In this scenario,  $I_b$  and  $I_{bias}$  serve as inputs to the analog multiplier circuit, while  $I_{mul}$  acts as a constant normalizing current. The presence of transistor  $M_{n5}$  is essential for appropriately biasing the translinear loop. Comprehensive dimensions of the transistors within the multiplier circuit are equal to  $(W/L) = \frac{2800 \text{ nm}}{2400 \text{ nm}}$  (for NMOS) and  $(W/L) = \frac{1800 \text{ nm}}{3200 \text{ nm}}$  (for PMOS).

According to Eq. (5), the output current  $I_{out}$  exhibits a linear increase with the rise in currents  $I_b$  and  $I_{bias}$ , and uniformly decreases with the increment of current  $I_{mul}$ . This behavior is further validated by the simulation outcomes. Fig. 8 illustrates the output current of the analog multiplier circuit as a function of  $I_{bias}$ , parameterized by  $I_{mul}$ , with  $I_b = 5$  nA. Fig. 9 demonstrates the output current of the multiplier circuit as a function of  $I_{bias}$ , with  $I_{mul} = 10$  nA, and parameterized by  $I_b$ . Similarly, Fig. 10 presents the output current of the MP circuit as a function of  $I_{mul}$ , with  $I_{bias} = 5$  nA, and parameterized by  $I_b$ .



Fig. 7. The implementation of the analog multiplier. It consists of a translinear-loop.



Fig. 8. The output current of the analog multiplier as a function of  $I_{bias}$  and parameterized on  $I_{mul}$ , for  $I_b = 5$  nA.

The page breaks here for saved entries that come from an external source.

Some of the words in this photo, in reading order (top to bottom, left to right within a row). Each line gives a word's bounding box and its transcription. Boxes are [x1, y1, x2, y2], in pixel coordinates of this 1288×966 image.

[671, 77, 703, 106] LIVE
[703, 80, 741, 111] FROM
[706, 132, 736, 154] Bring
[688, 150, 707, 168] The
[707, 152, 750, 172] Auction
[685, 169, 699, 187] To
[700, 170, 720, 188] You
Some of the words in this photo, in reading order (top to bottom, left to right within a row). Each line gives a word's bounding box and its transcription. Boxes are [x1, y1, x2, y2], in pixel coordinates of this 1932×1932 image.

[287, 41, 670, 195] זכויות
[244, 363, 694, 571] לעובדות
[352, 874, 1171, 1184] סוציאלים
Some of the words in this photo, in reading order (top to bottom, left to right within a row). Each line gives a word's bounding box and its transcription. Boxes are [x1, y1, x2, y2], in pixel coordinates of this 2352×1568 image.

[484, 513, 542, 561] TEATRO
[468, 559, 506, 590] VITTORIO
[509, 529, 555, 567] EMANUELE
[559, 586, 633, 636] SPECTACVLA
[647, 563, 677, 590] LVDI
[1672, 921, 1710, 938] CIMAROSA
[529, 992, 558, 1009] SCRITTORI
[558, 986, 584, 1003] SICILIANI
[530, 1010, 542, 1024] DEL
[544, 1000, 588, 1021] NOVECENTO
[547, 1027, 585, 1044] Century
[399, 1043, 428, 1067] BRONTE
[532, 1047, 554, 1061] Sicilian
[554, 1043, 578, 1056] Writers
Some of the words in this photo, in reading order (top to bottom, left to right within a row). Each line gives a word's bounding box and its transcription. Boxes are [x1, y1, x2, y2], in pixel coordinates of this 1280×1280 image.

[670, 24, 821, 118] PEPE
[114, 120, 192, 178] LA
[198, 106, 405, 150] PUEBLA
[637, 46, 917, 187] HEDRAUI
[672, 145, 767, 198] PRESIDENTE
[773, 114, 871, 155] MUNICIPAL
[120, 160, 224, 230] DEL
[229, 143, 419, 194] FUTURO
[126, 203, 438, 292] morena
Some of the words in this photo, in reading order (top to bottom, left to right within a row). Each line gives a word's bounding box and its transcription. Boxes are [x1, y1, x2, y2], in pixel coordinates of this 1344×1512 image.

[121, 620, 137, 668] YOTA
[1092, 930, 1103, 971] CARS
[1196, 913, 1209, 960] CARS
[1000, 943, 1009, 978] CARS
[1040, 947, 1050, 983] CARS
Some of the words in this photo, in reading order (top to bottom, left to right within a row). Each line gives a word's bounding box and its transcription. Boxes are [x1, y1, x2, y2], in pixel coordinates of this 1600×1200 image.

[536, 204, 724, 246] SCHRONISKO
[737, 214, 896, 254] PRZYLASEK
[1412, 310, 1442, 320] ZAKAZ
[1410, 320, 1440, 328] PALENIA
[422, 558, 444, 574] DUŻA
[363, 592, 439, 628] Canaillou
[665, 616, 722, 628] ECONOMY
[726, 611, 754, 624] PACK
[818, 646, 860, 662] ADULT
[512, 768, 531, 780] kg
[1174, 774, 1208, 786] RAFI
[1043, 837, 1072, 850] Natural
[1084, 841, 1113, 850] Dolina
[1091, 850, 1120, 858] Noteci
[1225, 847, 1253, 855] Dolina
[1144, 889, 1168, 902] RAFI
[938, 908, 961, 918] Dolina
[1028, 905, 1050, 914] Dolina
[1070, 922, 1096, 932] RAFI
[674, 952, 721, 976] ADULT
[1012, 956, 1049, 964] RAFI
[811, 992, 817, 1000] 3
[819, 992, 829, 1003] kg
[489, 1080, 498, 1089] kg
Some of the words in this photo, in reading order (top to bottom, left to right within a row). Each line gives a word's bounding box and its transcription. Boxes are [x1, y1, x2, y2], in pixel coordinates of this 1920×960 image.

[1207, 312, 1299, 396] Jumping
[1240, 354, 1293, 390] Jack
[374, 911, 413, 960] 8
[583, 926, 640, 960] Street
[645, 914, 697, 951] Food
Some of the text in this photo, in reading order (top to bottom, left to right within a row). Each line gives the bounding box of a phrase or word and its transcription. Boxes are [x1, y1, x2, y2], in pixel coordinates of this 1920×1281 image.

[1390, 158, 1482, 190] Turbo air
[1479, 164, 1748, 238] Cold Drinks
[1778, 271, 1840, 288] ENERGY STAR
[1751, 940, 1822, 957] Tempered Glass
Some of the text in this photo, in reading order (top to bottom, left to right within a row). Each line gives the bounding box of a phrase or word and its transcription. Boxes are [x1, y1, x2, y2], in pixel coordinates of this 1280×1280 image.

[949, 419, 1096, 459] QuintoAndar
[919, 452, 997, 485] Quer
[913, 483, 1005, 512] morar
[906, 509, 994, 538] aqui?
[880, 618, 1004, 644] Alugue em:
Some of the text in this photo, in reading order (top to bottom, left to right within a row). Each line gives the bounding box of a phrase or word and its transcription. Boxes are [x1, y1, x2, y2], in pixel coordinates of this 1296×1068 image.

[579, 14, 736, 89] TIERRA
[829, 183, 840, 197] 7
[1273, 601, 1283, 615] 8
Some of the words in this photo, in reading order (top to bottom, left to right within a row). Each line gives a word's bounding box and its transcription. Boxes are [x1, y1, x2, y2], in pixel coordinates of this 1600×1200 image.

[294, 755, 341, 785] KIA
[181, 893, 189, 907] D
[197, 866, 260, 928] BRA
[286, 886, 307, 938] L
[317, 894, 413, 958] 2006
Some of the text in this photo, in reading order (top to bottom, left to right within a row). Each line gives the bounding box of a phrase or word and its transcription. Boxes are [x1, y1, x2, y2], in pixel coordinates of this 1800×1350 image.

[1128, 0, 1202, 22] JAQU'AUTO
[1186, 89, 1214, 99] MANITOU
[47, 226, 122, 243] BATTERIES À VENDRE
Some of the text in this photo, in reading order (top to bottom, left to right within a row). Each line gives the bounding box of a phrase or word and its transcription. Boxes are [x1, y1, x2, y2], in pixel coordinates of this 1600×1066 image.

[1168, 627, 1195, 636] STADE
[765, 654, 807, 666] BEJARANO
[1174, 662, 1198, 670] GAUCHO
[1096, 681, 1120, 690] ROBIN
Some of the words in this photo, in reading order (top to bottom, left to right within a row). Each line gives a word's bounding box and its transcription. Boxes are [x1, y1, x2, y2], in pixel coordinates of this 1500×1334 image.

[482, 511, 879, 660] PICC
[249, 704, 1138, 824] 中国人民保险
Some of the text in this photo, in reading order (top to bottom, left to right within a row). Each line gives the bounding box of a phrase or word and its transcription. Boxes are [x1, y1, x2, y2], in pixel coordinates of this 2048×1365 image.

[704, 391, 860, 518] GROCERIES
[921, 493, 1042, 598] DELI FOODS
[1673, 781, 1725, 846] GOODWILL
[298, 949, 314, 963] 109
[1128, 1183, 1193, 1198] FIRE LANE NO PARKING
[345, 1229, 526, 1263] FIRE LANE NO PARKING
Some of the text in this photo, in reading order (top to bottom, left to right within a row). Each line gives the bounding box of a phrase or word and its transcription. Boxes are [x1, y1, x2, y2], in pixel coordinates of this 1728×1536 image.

Apart from parametric sweeps, a transient analysis is conducted to further assess the analog multiplier's performance. Figs. 11 and 12 depict the transient inputs and output of the analog multiplier respectively. In Fig. 12 the ideal value of  $I_{out}$  - calculated as shown in Eq. (5) - is also plotted. It can be observed that  $I_{out}$  follows its theoretical value with satisfactory accuracy, with the error between them not exceeding a few nA at most.

An intriguing observation is that when  $I_b$  is set to a high value (greater than 2 nA) and  $I_{bias}$  is set to a low value (e.g., 500 pA), the output current equals the low value. To elaborate, if  $I_b = 5$  nA (high) and  $I_{bias} = 500$  pA (low), the circuit approximates an "AND Logic Gate", with the output equaling 500 pA (low), rather than 2.5 nA (midpoint).

The folded-cascode operational amplifier was used as the output stage of the classifier. This amplifier is utilized as a voltage comparator, providing either  $V_{DD}$  or  $V_{SS}$  output depending on the voltages received at the input. Specifically, if the voltage at the positive input is higher than the negative input, the output will have a voltage close to  $V_{DD}$ ; otherwise, it will have a voltage close to  $V_{SS}$ . The topology of the amplifier is illustrated in Fig. 13. The voltages  $V_{bias,i}$ , where i = 1, 2, 3, 4, originate from an additional biasing stage with diode-connected transistors, similar to the implementation in [76]. This topology is chosen because it provides a relatively high gain of approximately 50 dB, its biasing is straightforward, and compensation can be easily achieved using a capacitor at the output. The transistors' dimensions are summarized in Table 1.



Fig. 9. The output current of the analog multiplier as a function of  $I_{bias}$  and parameterized on  $I_b$ , for  $I_{mul} = 8$  nA.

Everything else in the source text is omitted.